Anonymous wrote:Anonymous wrote:Anonymous wrote:Anonymous wrote:Well... what do you do all day when they are in school? They are teens - go back to work.
This is very insulting. Let me enlighten you:
My kids (one elementary and one middle school) have different school start and end times so it ends up they are both gone 6 hours on school days. Here is what I “do all day” as you so condescendingly put it:
Hour 1: clean up kitchen, do dishes, start first of many loads of laundry, tidy house (I clean my own house so every day I do a deep clean in one room/bathroom)
Hour 2: walk dog, switch out laundry, continue any unfinished cleaning
Hour 3: grocery store (one of 4 places I shop)
Hoot 4: put groceries away, start prepping dinner, switch out laundry
Hour 5: make appointments for family, respond to all kid-related emails (sports, bday invites, doc appointments)
Hour 6: prep sports bags/clothes/car snacks/ water bottles for kids afternoon activities
Then I go pick up my kids and my SECOND SHIFT of parenting begins.

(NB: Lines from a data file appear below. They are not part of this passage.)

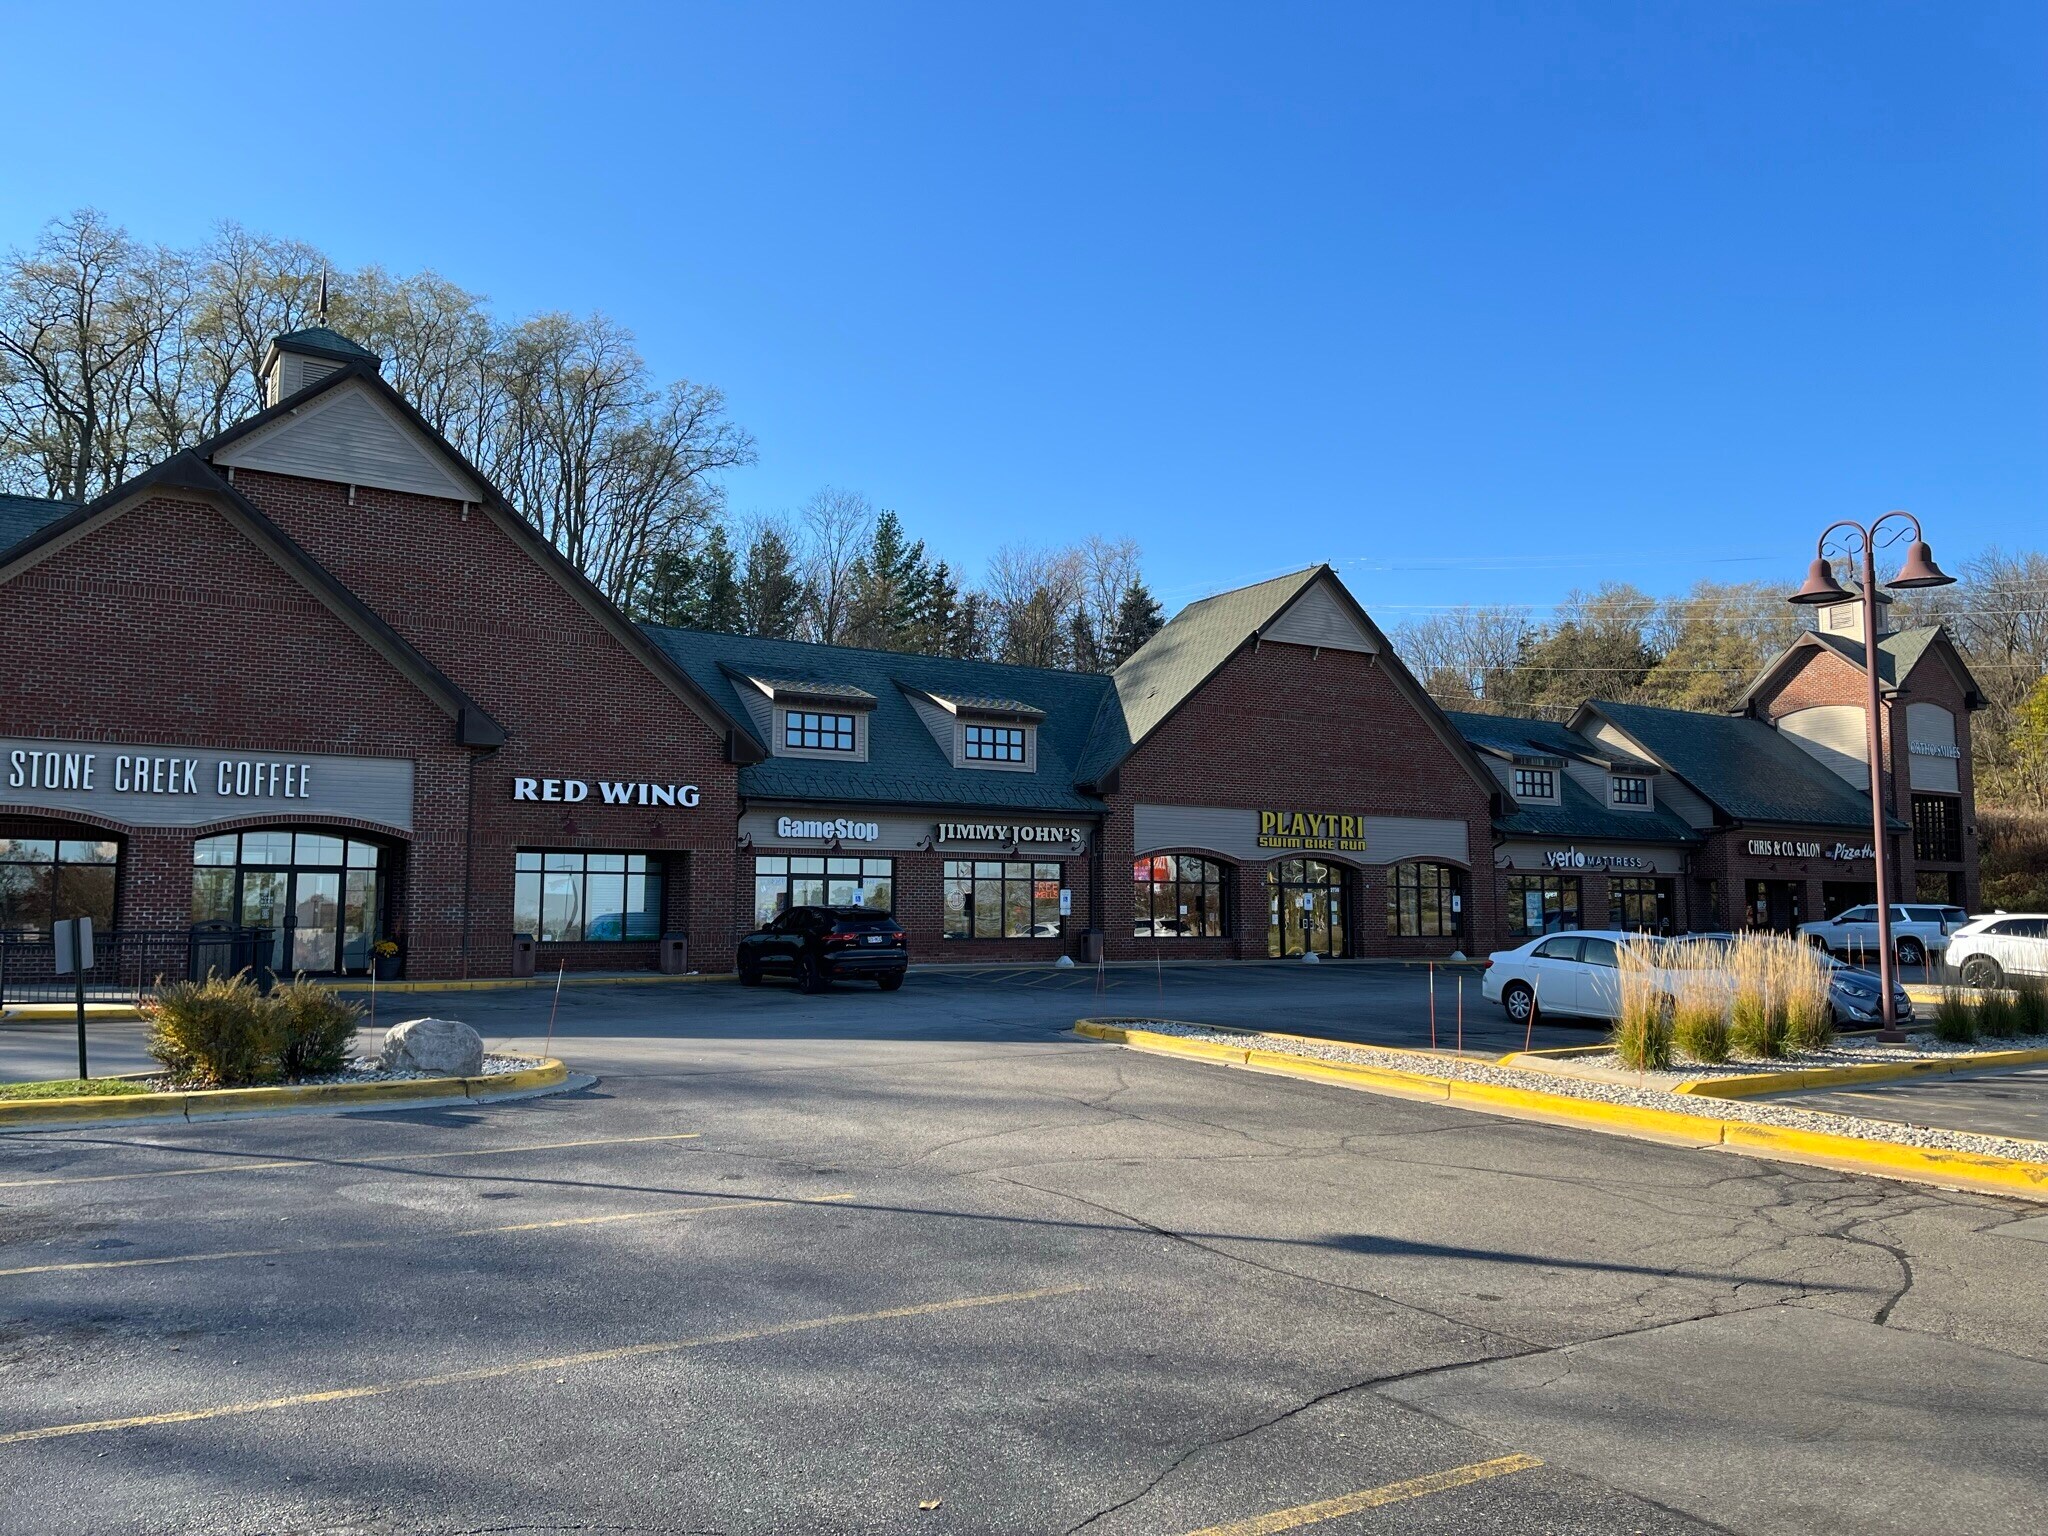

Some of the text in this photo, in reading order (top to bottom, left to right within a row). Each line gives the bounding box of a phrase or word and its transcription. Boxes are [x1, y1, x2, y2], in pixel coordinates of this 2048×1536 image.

[9, 750, 312, 798] STONE CREEK COFFEE
[513, 777, 700, 807] RED WING
[777, 816, 879, 841] GameStop
[938, 823, 1081, 844] JIMMY JOHN'S
[1261, 811, 1364, 838] PLAYTRI
[1259, 838, 1367, 851] SWIM BIKE RUN
[1748, 839, 1772, 856] CHRIS
[1773, 841, 1781, 856] &
[1796, 842, 1821, 858] SALON
[1834, 842, 1861, 860] Pizza
[1547, 846, 1642, 868] verlo MATTRESS

This lasts about 6-7 hours, driving them to activities, walking dog again at those locations, then at home making dinner, feeding everyone, cleaning up kitchen, helping with homework, overseeing bedtime routine, doing the social-emotional bonding they both want every night, until actual bedtime.

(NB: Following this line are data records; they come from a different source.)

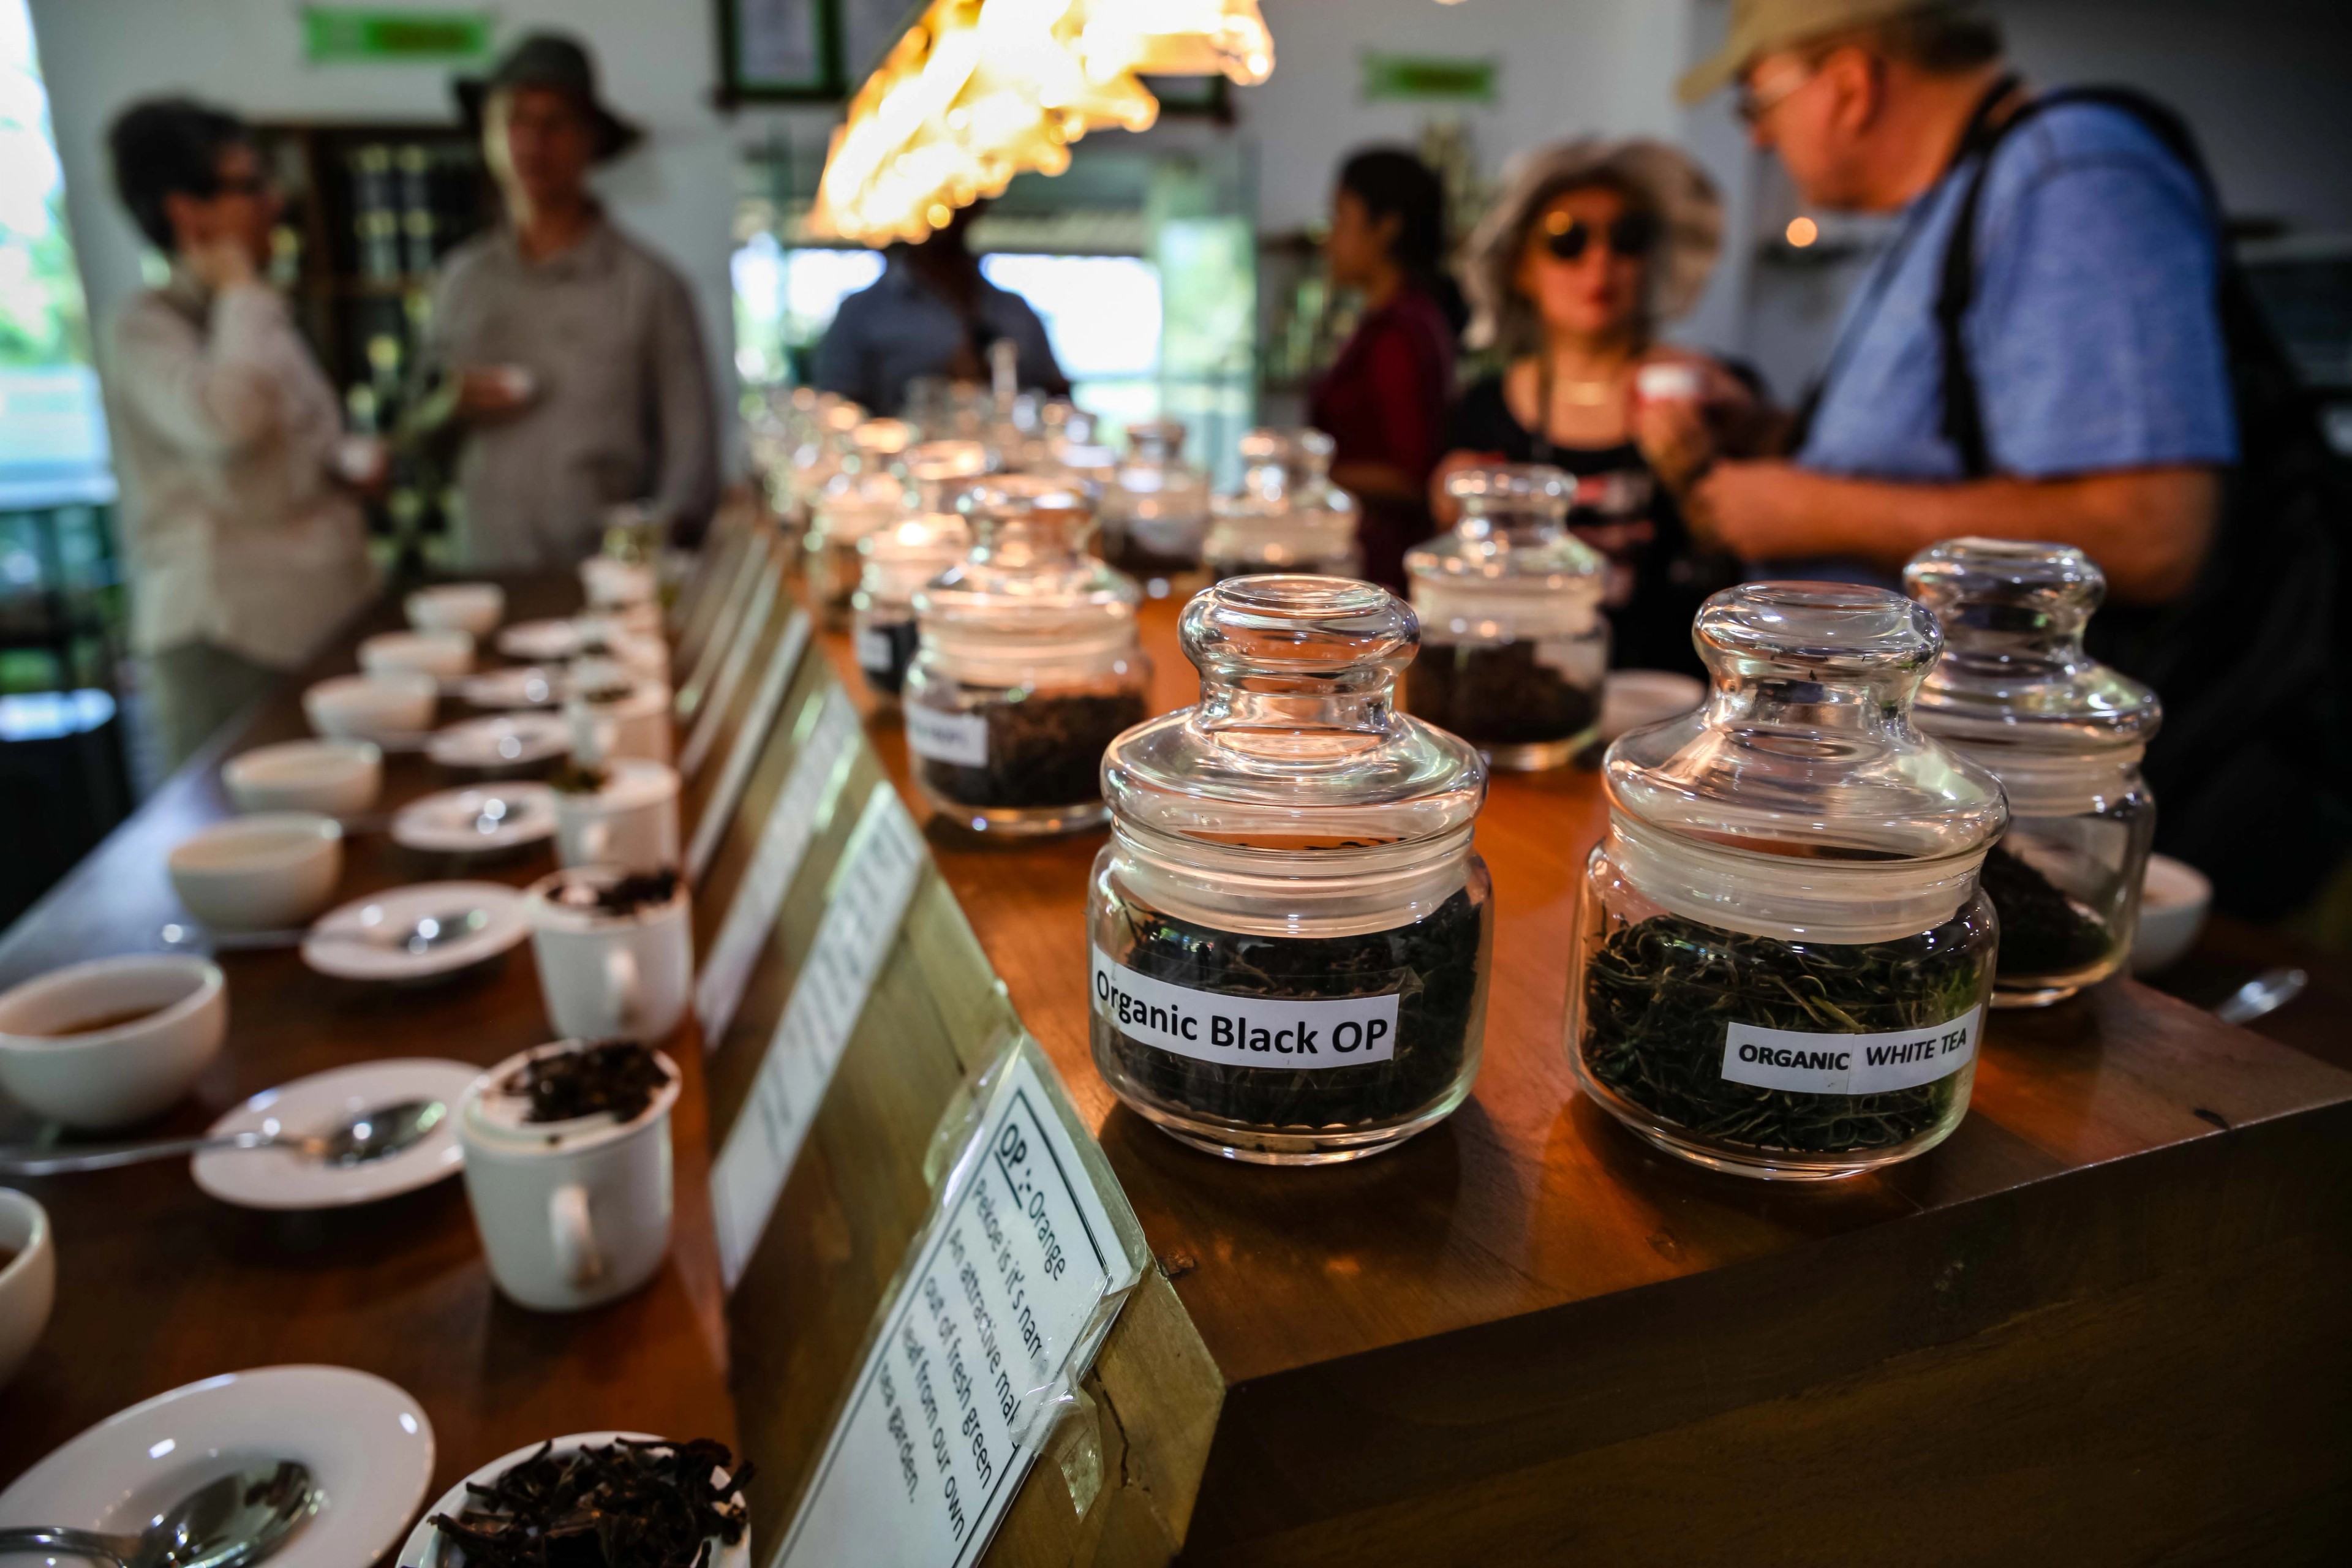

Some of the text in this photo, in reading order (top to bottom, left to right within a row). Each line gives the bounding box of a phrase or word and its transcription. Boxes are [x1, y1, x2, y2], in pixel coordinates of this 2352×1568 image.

[1096, 970, 1389, 1055] Organic Black OP
[1739, 1027, 1967, 1071] ORGANIC WHITE TEA
[973, 1177, 1003, 1253] Pekoe
[998, 1240, 1012, 1273] is
[1029, 1191, 1066, 1281] Orange
[948, 1228, 965, 1266] An
[960, 1262, 1001, 1374] attractive
[924, 1276, 992, 1490] out of fresh green
[916, 1359, 938, 1429] from
[932, 1427, 951, 1474] our
[944, 1475, 965, 1542] own

So this is how I look at it, and it’s how my husband describes my life: I basically have 2 part time jobs, totaling 14 hours of total work. The first is running the household and the second is the hands-on parenting.
Hope this helps everyone reading this thread to understand that SAHPs deserve respect. This is one of the hardest jobs in the world. What other job can you think of that comes with no training, very little resources or support, no sick days, no days off, no pay, and very little appreciation?
Is this serious though? You go to the grocery store every day for an hour? You prep sports equipment every day for an hour? Every day for an hour you set up appointments and respond to family emails??
I don’t see why it’s so terrible for a stay at home parent to admit they have some down time in their day. Of course you do. Great for you. Enjoy it! If you are truly busy all day every day doing what you claim above, it’s just baffling how slow and inefficient you are. Who needs to spend 4-5 hours per week grocery shopping??
These stay at home moms stretch tasks that should take 5 minutes out for hours and then don’t believe anyone could work and have a clean house.
Anonymous wrote:I’m another single mom and while I don’t have time to make my own crackers, I do work a second job and an occasional third job. Why? It’s the same reason most people work second jobs. Job #1 doesn’t pay all of the bills. Do I have the energy for it? Hell no! I’m 49 years old and spend my days in a overstimulating school that expects me to be everything to everybody. I’m not on drugs to do all of this. I do a lot of dropping off and picking up of my kids in between the two jobs. The house gets cleaned on weekends by all of us. My son will go to the grocery store today (he just got his license) and my DD and I will clean and cook. People do this all of the time because they don’t have a choice.